Deutlich aufwendiger wird es für die Justiz, wenn eine Fixierung länger als eine halbe Stunde dauert.Dann muss immer ein Richter eingeschaltet werden – sofort oder „unverzüglich“ später. Dafür müssen die Amtsgerichte einen täglichen  Bereitschaftsdienst von 6 bis 21 Uhr vorhalten, um spätestens am nächsten Morgen eine Fixierung rückwirkend genehmigen zu können. Dabei müssen Betroffene angehört, evt. auch Angehörige einbezogen werden. Insbesondere auf dem Land dürfte die Justiz vor großen Herausforderungen stehen, zumal sich die Richter auch mit Psychosen auskennen müssen, um Entscheidungen zu treffen.

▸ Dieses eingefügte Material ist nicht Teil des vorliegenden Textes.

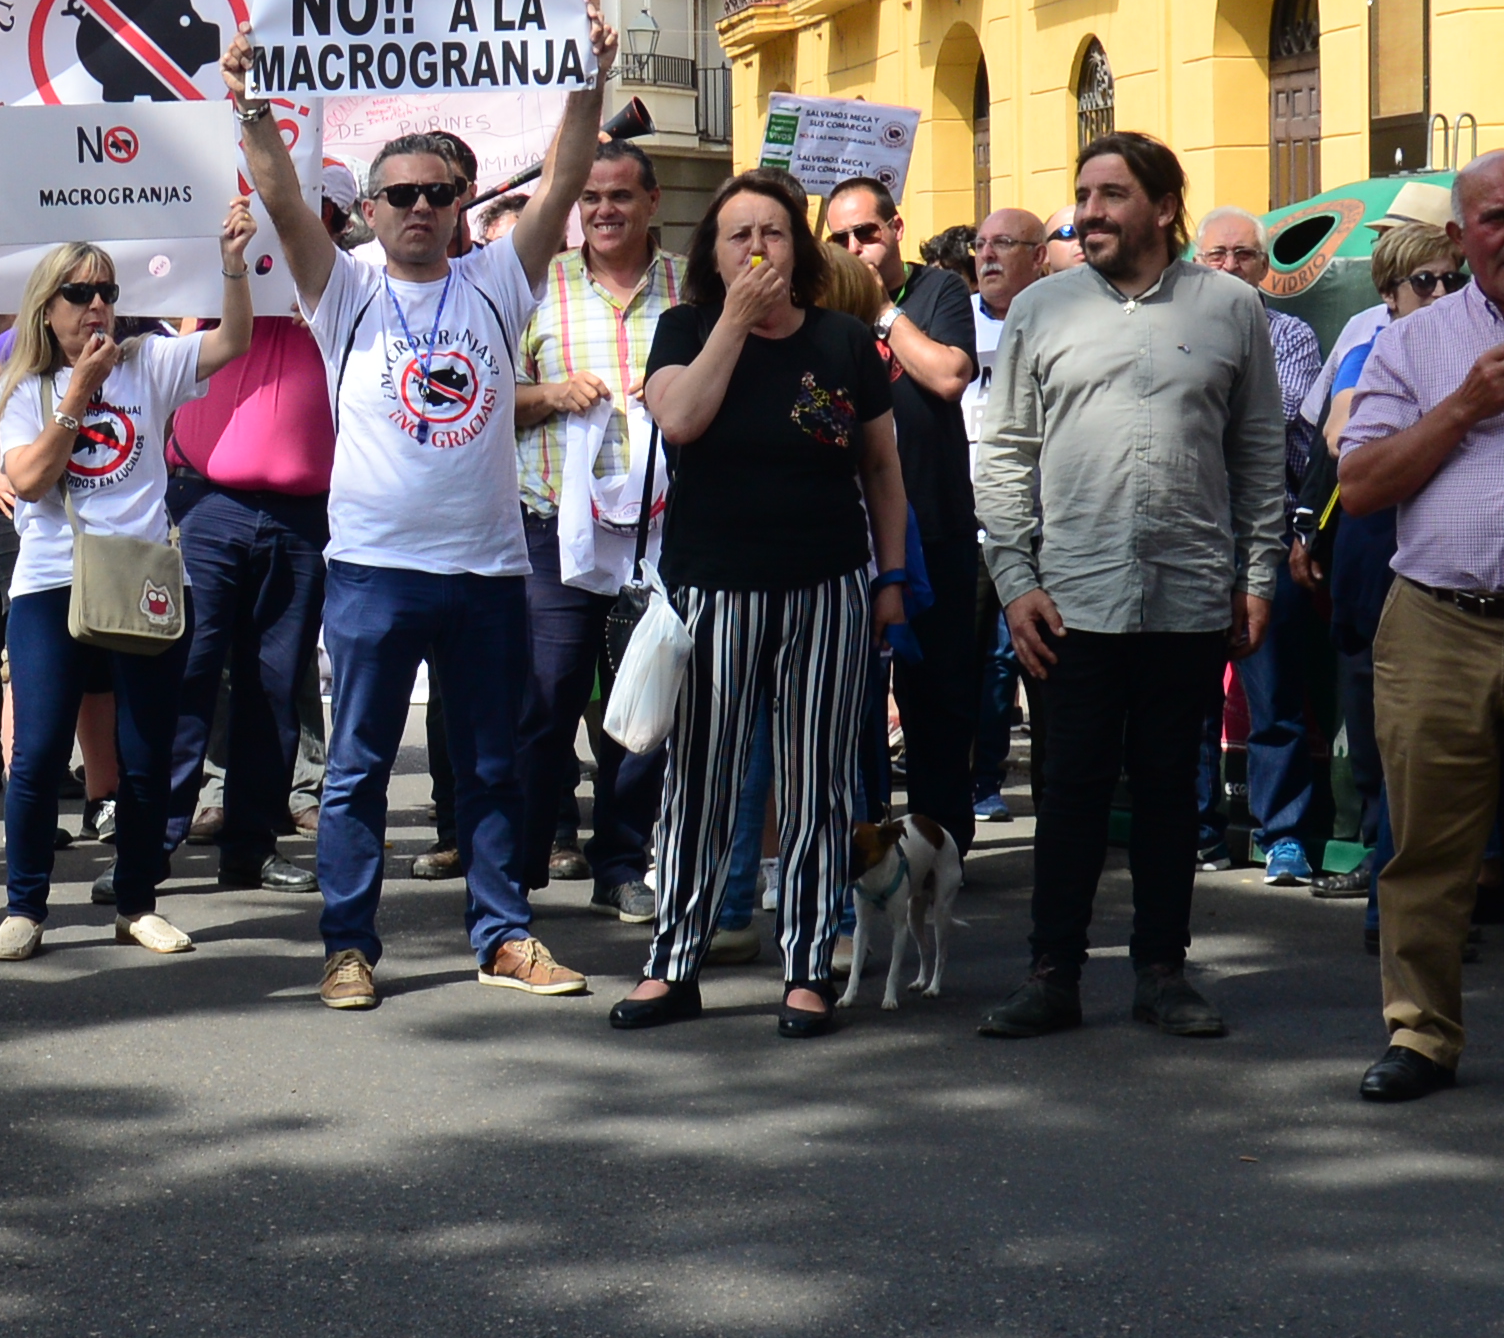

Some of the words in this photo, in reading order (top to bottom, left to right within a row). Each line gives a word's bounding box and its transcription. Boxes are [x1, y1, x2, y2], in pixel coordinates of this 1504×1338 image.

[252, 39, 586, 92] MACROGRANJA
[806, 109, 848, 120] SALVEMOS
[39, 185, 192, 207] MACROGRANJAS
[1272, 253, 1326, 293] VIDRIO
[431, 388, 498, 448] GRACIAS!
[100, 475, 114, 487] EN
[117, 435, 145, 482] LUCILLOS
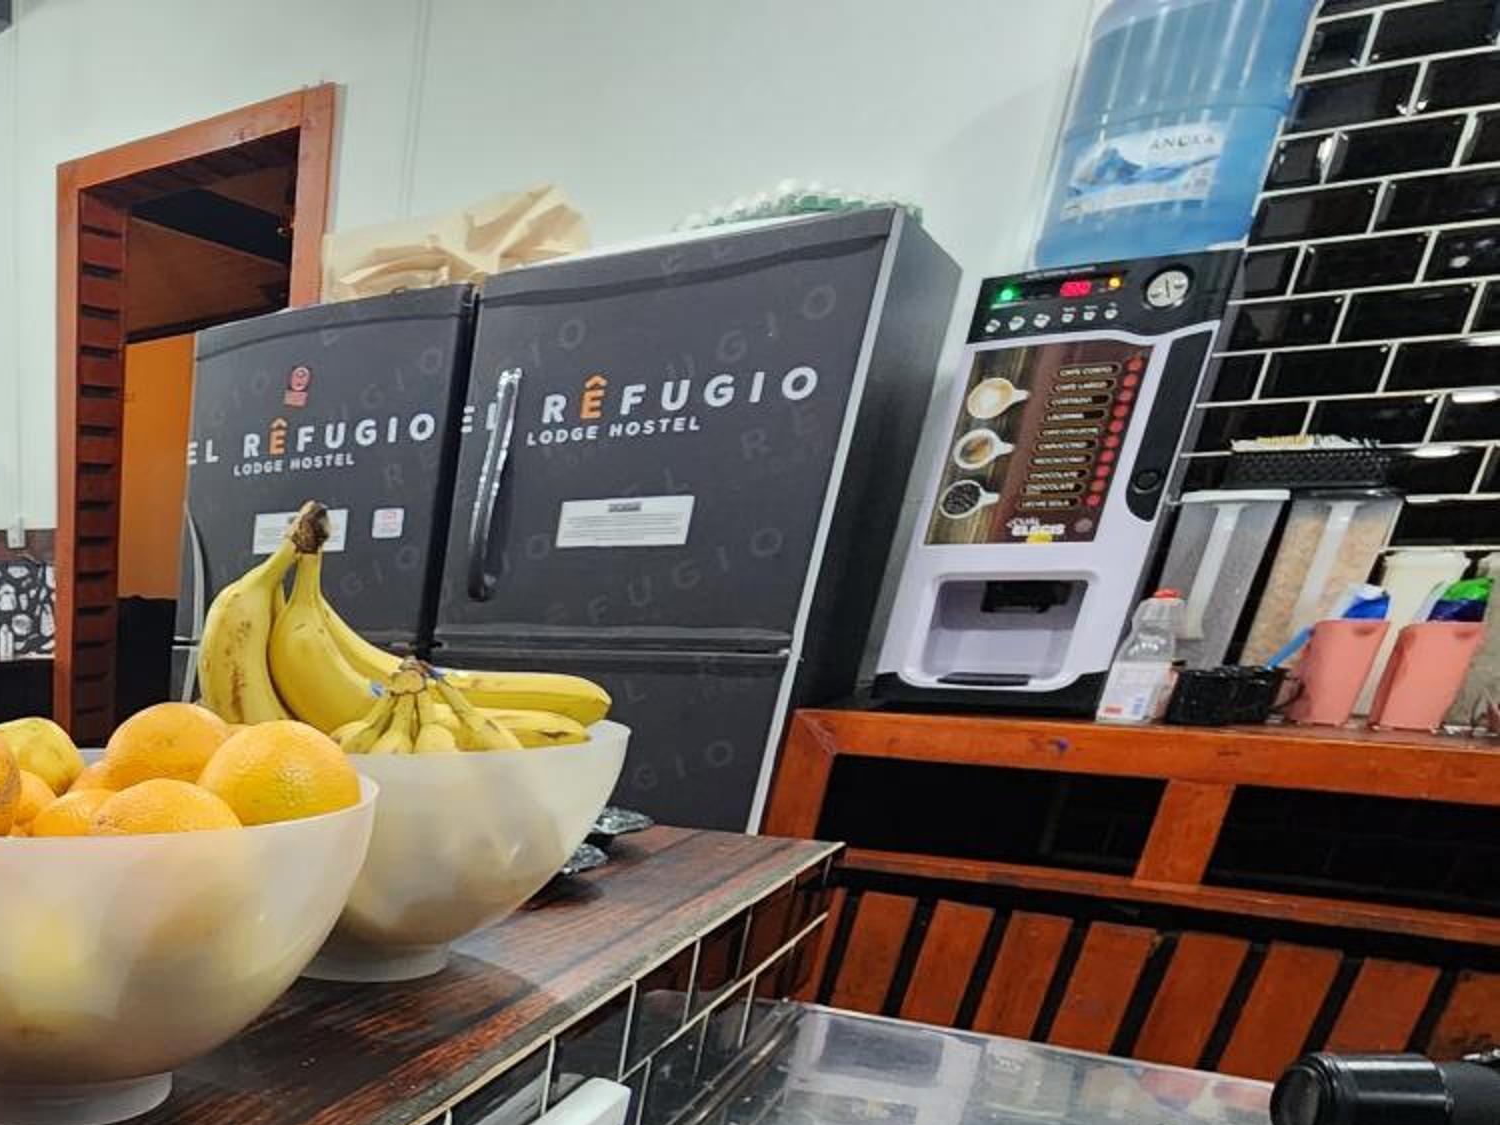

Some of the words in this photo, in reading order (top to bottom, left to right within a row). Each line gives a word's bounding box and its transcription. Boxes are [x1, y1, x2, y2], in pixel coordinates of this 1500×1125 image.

[526, 426, 598, 447] LODGE
[608, 414, 701, 438] HOSTEL
[187, 437, 220, 466] EL
[232, 458, 284, 478] LODGE
[289, 452, 356, 472] HOSTEL

Die meisten Bundesländer werden nun ihre Gesetze ändern müssen. Unmittelbar betroffen sind Bayern und Baden-Württemberg, von dort kamen die Klagen, die zu dem Urteil führen. Ein Münchener hatte sich beschwert, weil er stark angetrunken acht Stunden fixiert worden war, da Ärzte von Suizidgefahr ausgingen. Ferner ging es um einen Schizophrenie-Patienten aus Baden-Württemberg,  der immer wieder fixiert worden war, nachdem er mit Gegenständen nach Personal geworfen hatte.

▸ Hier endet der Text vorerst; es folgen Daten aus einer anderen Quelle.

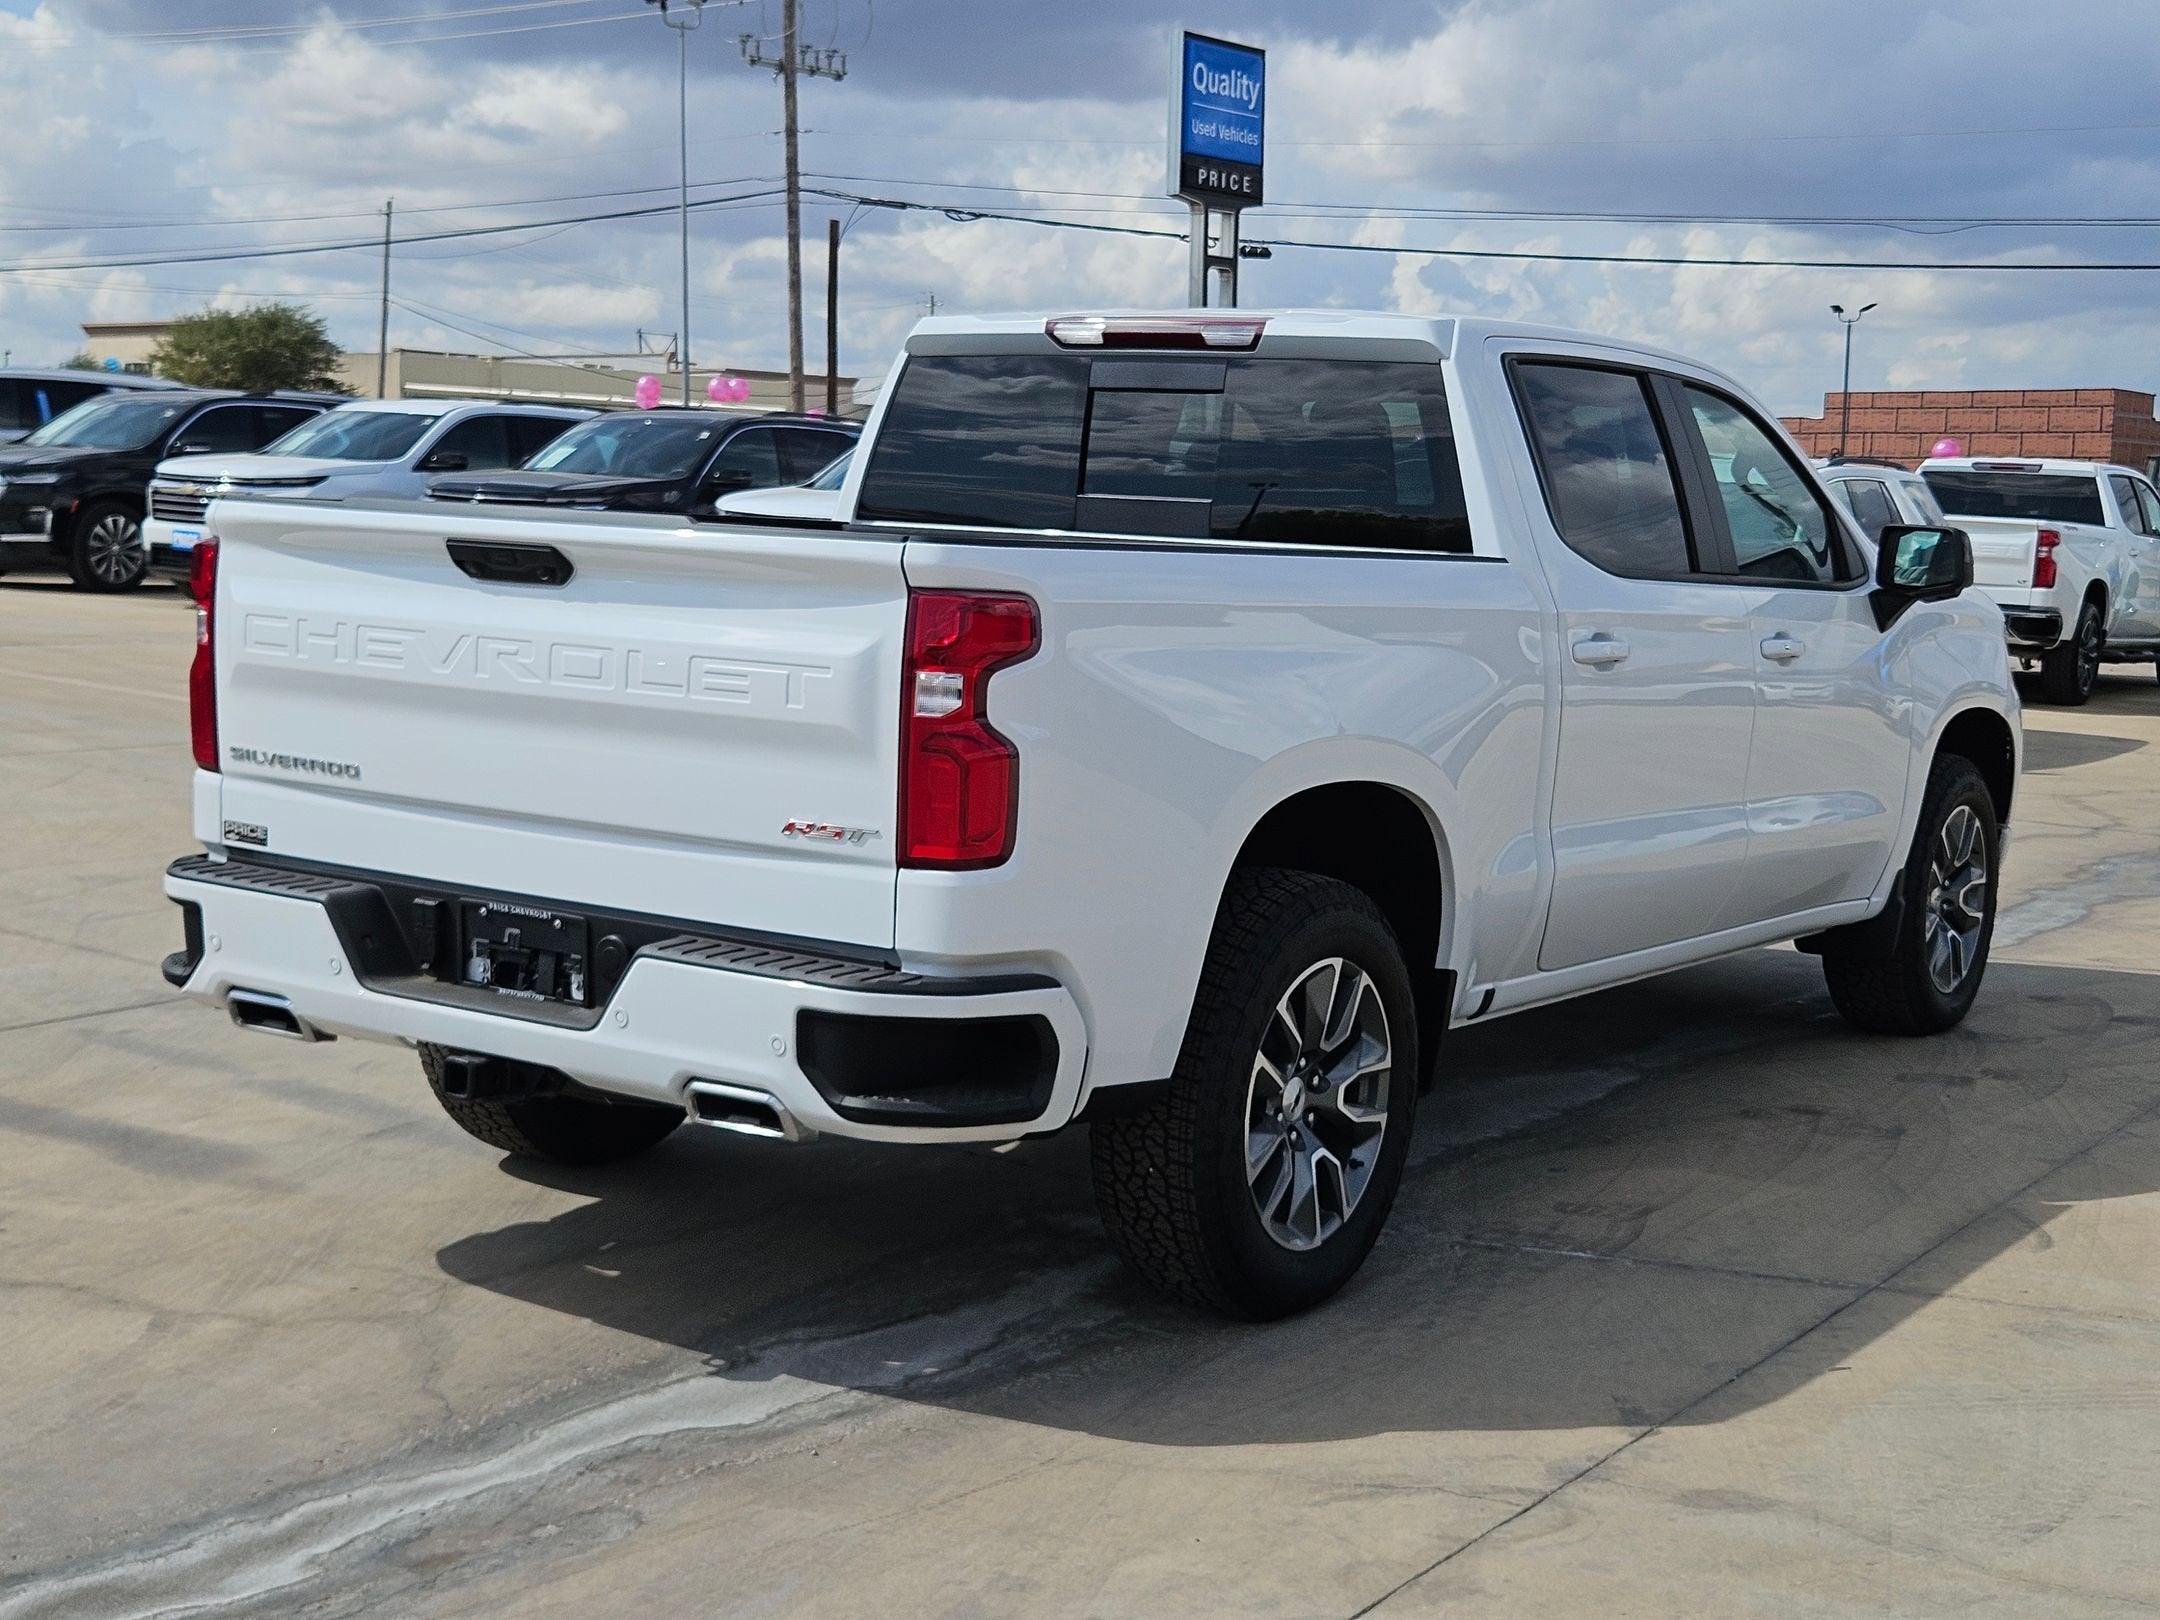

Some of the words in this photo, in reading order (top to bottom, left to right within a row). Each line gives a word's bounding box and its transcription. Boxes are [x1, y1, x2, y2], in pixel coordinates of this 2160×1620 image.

[1192, 62, 1260, 110] Quality
[1192, 119, 1216, 138] Used
[1218, 124, 1259, 146] Vehicles
[1198, 168, 1251, 193] PRICE
[244, 613, 834, 710] CHEVROLET
[229, 746, 361, 779] SILVERADO
[225, 822, 267, 840] PRICE
[781, 818, 879, 844] RST
[510, 904, 551, 919] CHEVROLET

Bayerns Justizminister Winfried Bausback (CSU) ging nach der Urteilsverkündung davon aus, dass das Anfang 2019 in Kraft tretende neue Bayerische Psychisch-Kranken-Hilfe-Gesetzt die Karlsruher Vorgaben erfüllt, berichtete die Süddeutsche Zeitung. Einen Richtervorbehalt hätten ansonsten auch Berlin, Niedersachsen und Nordrhein-Westfalen bereits jetzt im Gesetz. Das Gericht räumte den betroffenen Gesetzgebern zwar eine Frist bis zum 30. Juni 2019 ein  – doch die Einschränkungen der sogenannten 5-Punkt- und 7-Punkt-Fixierungen gelten ab sofort und in allen Bundesländern.

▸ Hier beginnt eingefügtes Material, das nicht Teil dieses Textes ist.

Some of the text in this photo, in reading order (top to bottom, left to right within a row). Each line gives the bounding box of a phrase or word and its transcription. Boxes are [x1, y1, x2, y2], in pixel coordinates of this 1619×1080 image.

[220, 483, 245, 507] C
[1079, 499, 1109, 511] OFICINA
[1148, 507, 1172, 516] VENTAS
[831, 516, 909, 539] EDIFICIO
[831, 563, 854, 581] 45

Der größte Fachverband, die DGPPN (Deutsche Gesellschaft für Psychiatrie, Psychotherapie, Psychosomatik und Nervenheilkunde) begrüßte die Vorgaben: „Das ist ein sehrerfreuliches Urteil“, kommentiert DGPPN-Präsident Arno Deister. „Es kann nicht sein, dass in unserem Land aufgrund von Personalmangel und einer schlechten Infrastruktur nicht alle Möglichkeiten ausgeschöpft werden können, um auf Zwang zu verzichten. Dem muss sich auch eine moderne und aufgeschlossene Gesellschaft verpflichtet fühlen.“  Deister verwies zudem auf die zeitgleich mit dem Urteil veröffentlichte neue S3-Leitlinie zur „Verhinderung von Zwang“:  „Eine Reihe wissenschaftlich belegter Empfehlungen gibt hier allen in der psychiatrischen Versorgung Tätigen eine hilfreiche Orientierung.“

Zur Vermeidung von Zwang und Gewalt empfohlen werden u.a.:  eine quantitativ und qualitativ ausreichende Personalausstattung, Schulung in Deeskalationstechniken und Strategien im Umgang mit aggressivem Verhalten, Einsatz von Behandlungsvereinbarungen und Krisenplänen sowiegeeignete, hochwertige Architektur. Die Leitlinie wurde federführend von der DGPPN in Zusammenarbeit mit 22 Fachgesellschaften, Berufs-, Angehörigen- und Betroffenenverbänden in den letzten zweieinhalb Jahren erarbeitet und finanziert.